What you are asked to do: Skipping all pictures, please restate word for word the lines from the one that contains "this 1280×1707 image." through the last line of the entries.

The data:
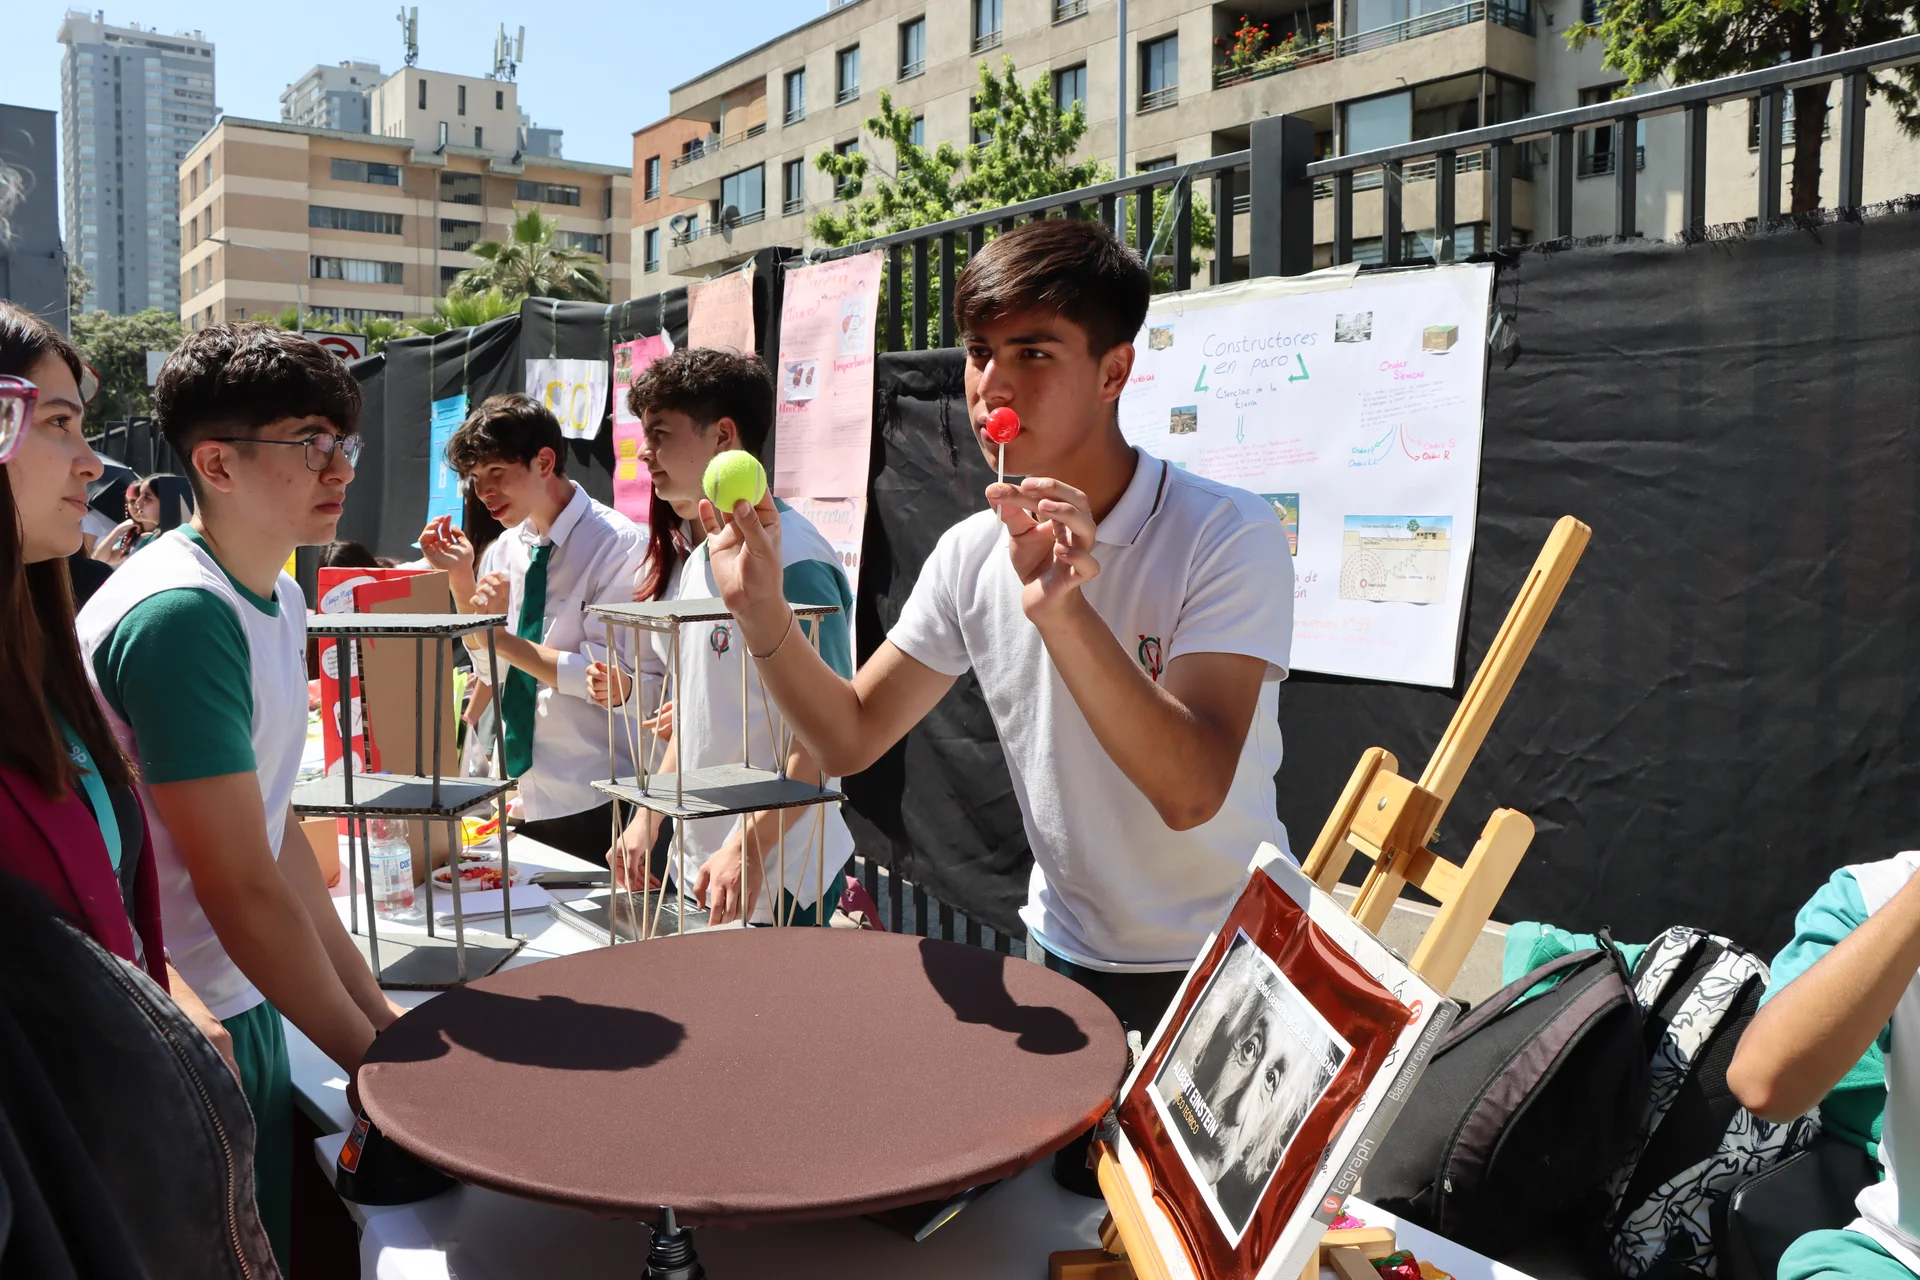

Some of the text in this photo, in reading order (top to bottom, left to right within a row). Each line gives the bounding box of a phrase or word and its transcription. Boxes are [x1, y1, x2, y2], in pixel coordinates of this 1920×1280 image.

[1203, 331, 1319, 358] Constructores
[1213, 355, 1289, 377] en paro
[1378, 357, 1409, 372] Ondas
[1215, 386, 1251, 399] Ciencias
[1443, 449, 1451, 460] R
[1304, 570, 1318, 583] de
[1267, 992, 1291, 1023] GENERAL
[1298, 1030, 1337, 1078] RELATIVIDAD
[1421, 1007, 1451, 1043] diseño
[1412, 1040, 1432, 1063] con
[1387, 1058, 1420, 1102] Bastidor
[1171, 1060, 1220, 1139] ALBERT EINSTEIN
[1182, 1103, 1200, 1136] TEÓRICO
[1330, 1137, 1375, 1195] tegraph
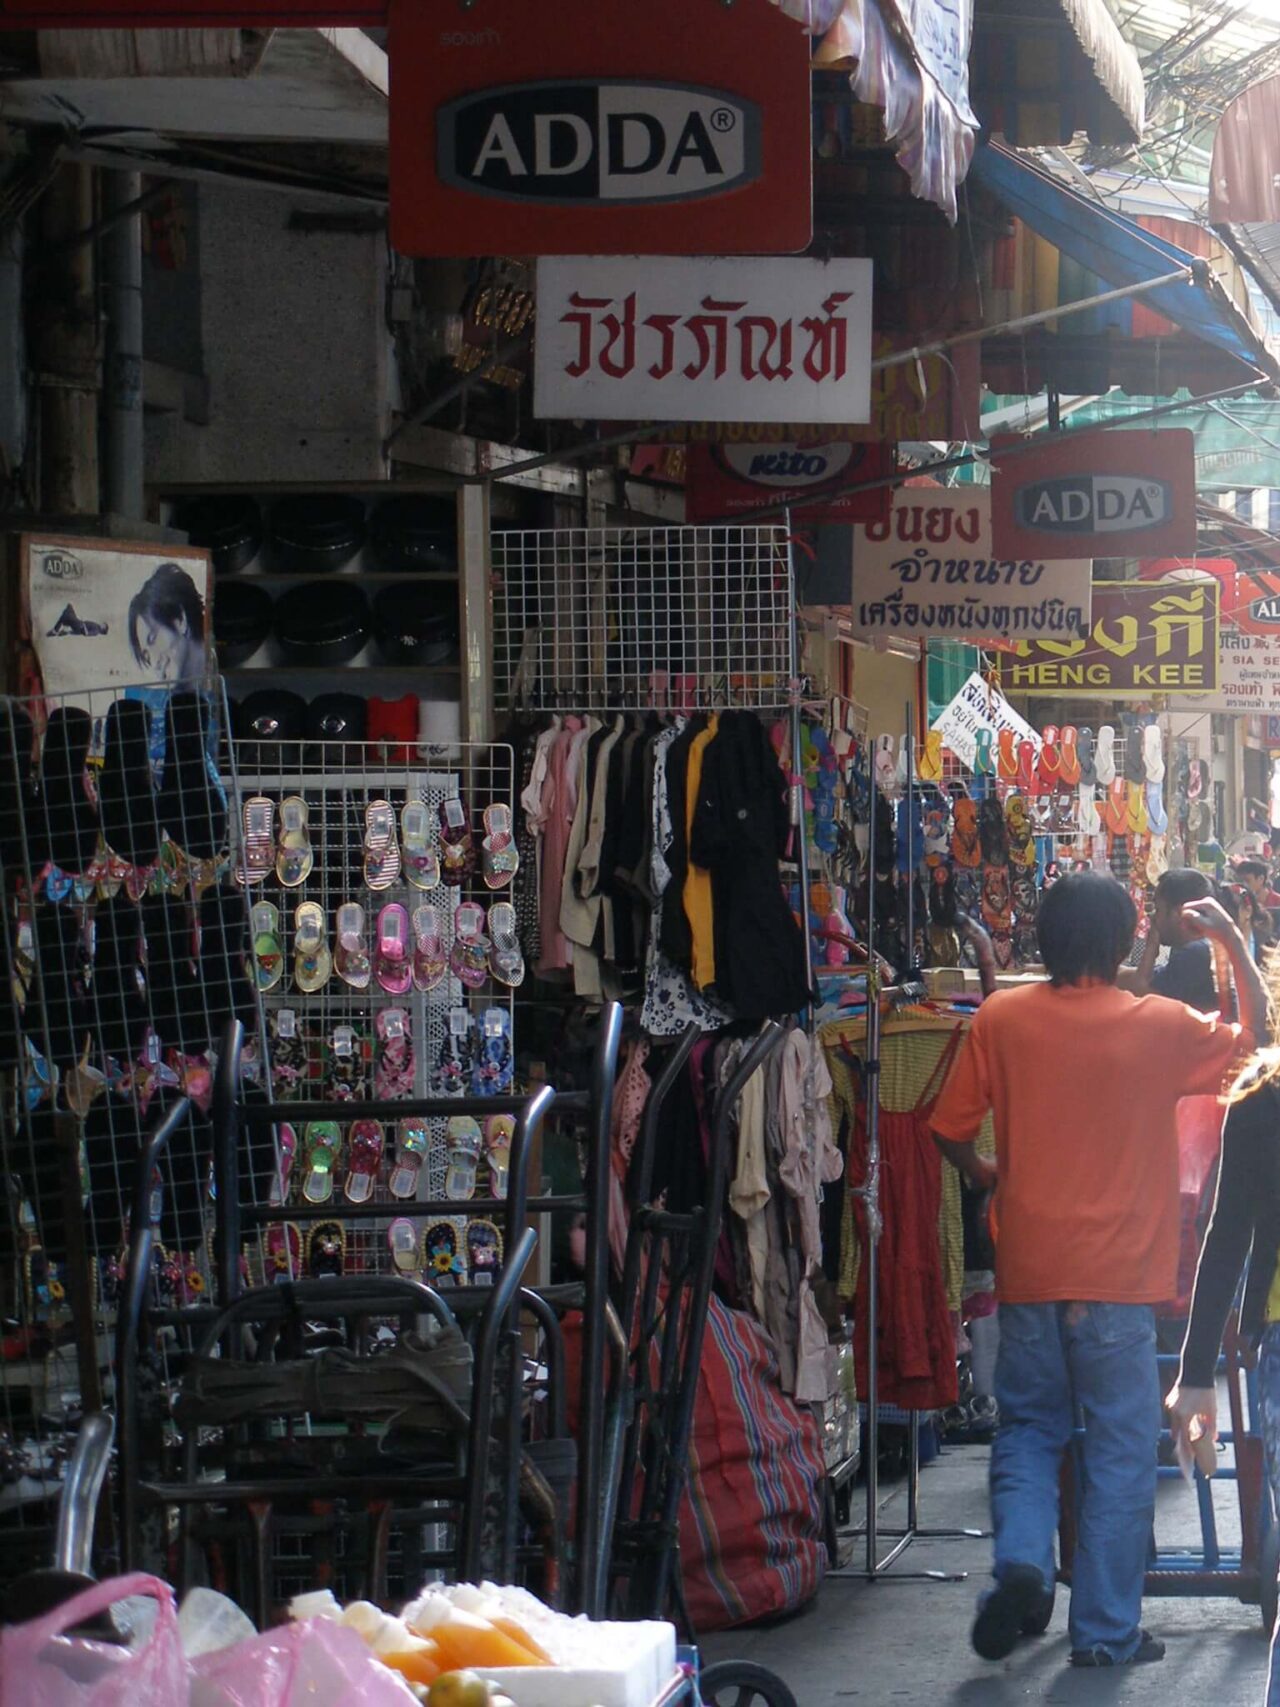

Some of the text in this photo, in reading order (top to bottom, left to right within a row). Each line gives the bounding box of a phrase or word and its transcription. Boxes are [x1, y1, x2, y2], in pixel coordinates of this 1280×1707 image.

[1233, 655, 1254, 665] SIA
[1012, 663, 1204, 685] HENG KEE
[1221, 679, 1263, 697] รองเท้า
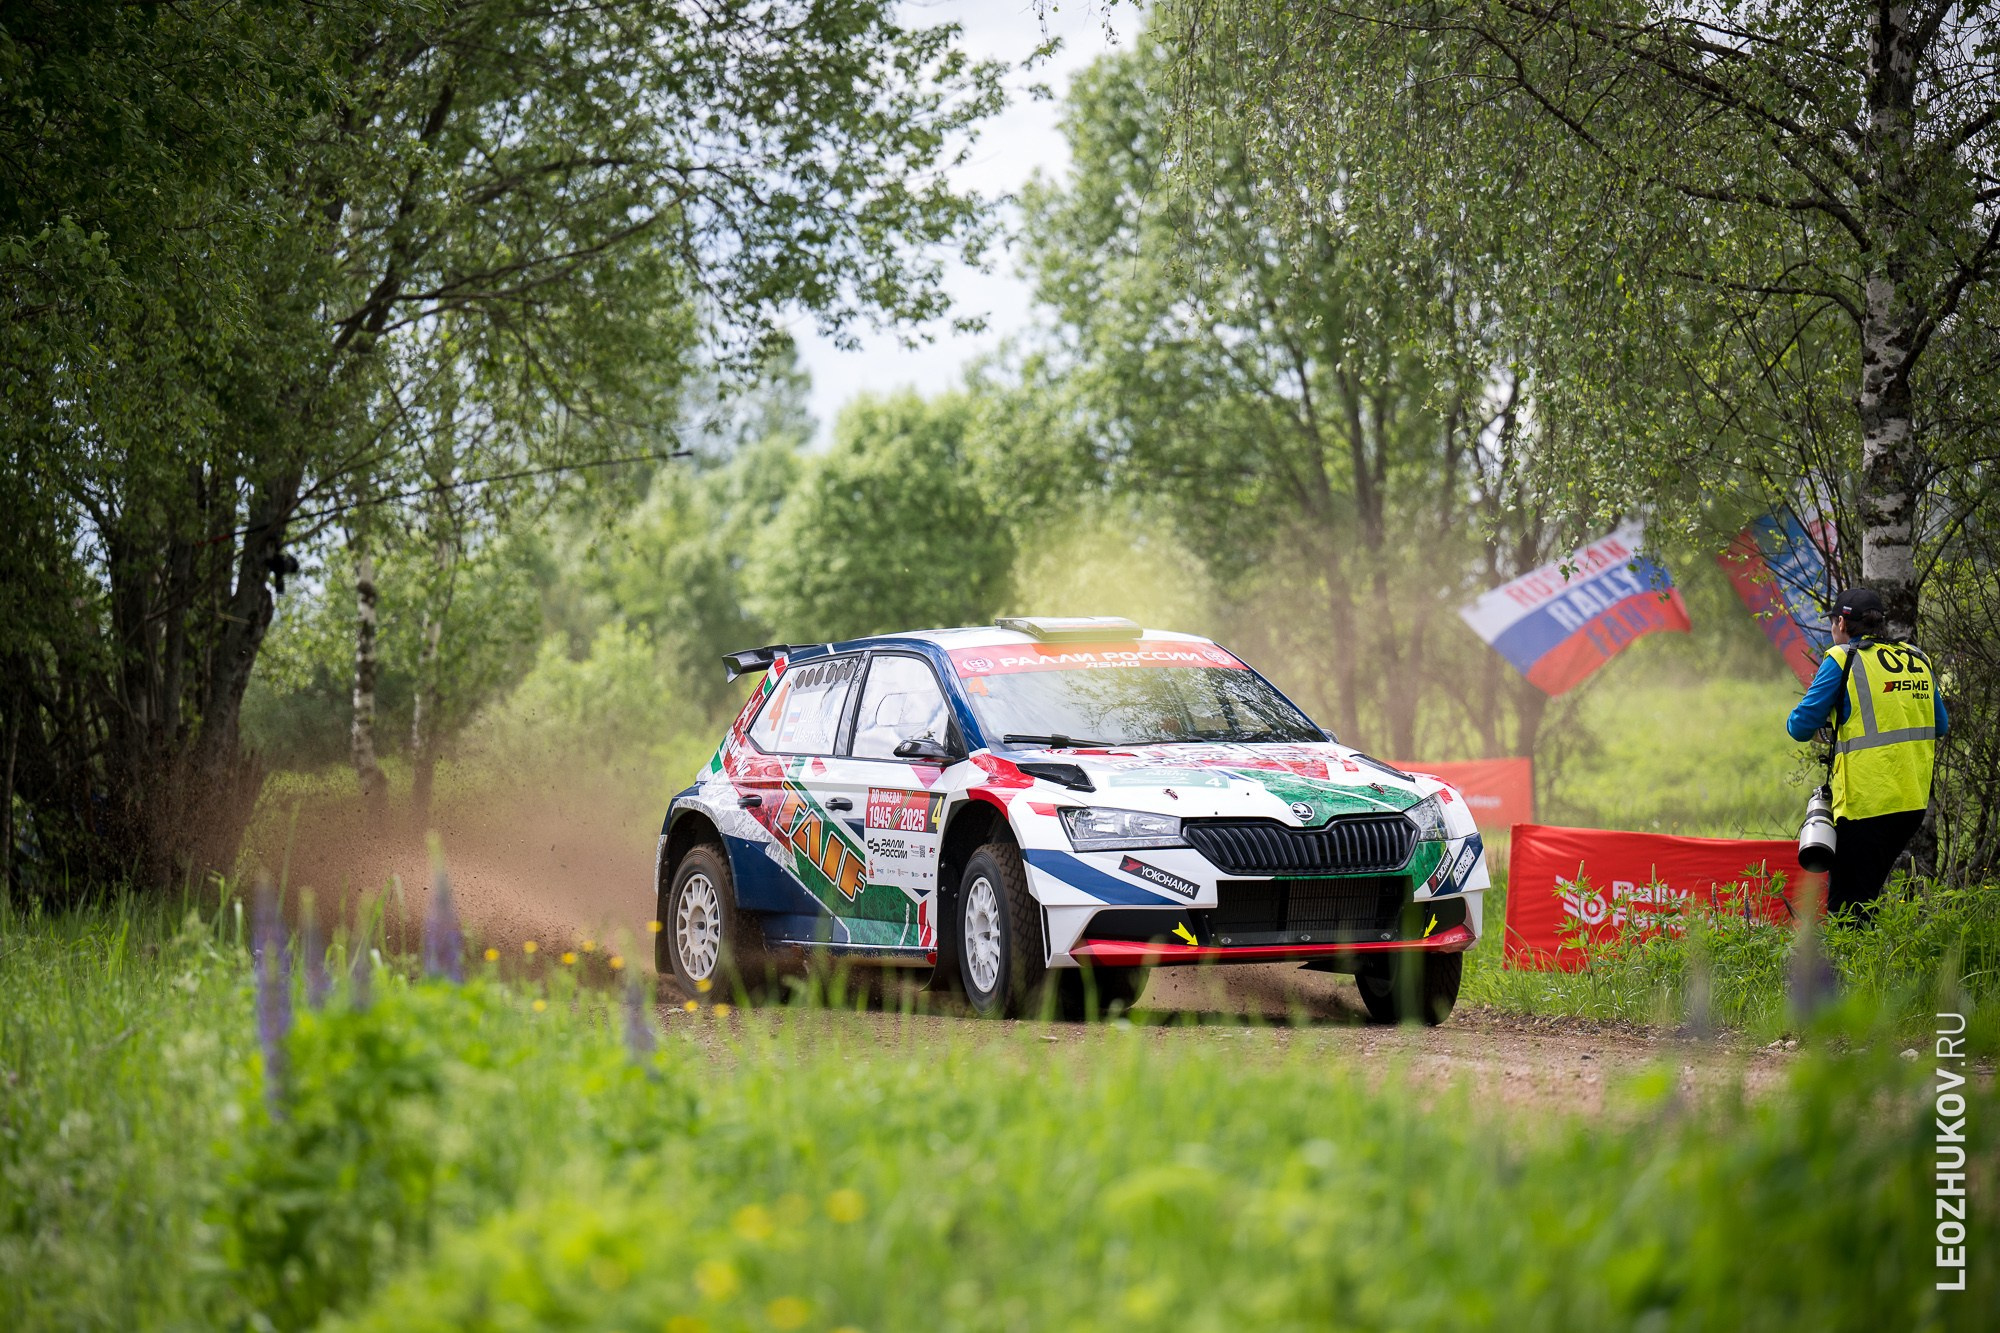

Task response:
Some of the text in this photo, in reading order (top to bottom, left to right within a row). Each line gives the bounding box of a phrase or word and its transcription. Boxes are [x1, y1, x2, y2], in pixel coordinates of this 1280×1707 image.

[1233, 655, 1254, 665] SIA
[1012, 663, 1204, 685] HENG KEE
[1221, 679, 1263, 697] รองเท้า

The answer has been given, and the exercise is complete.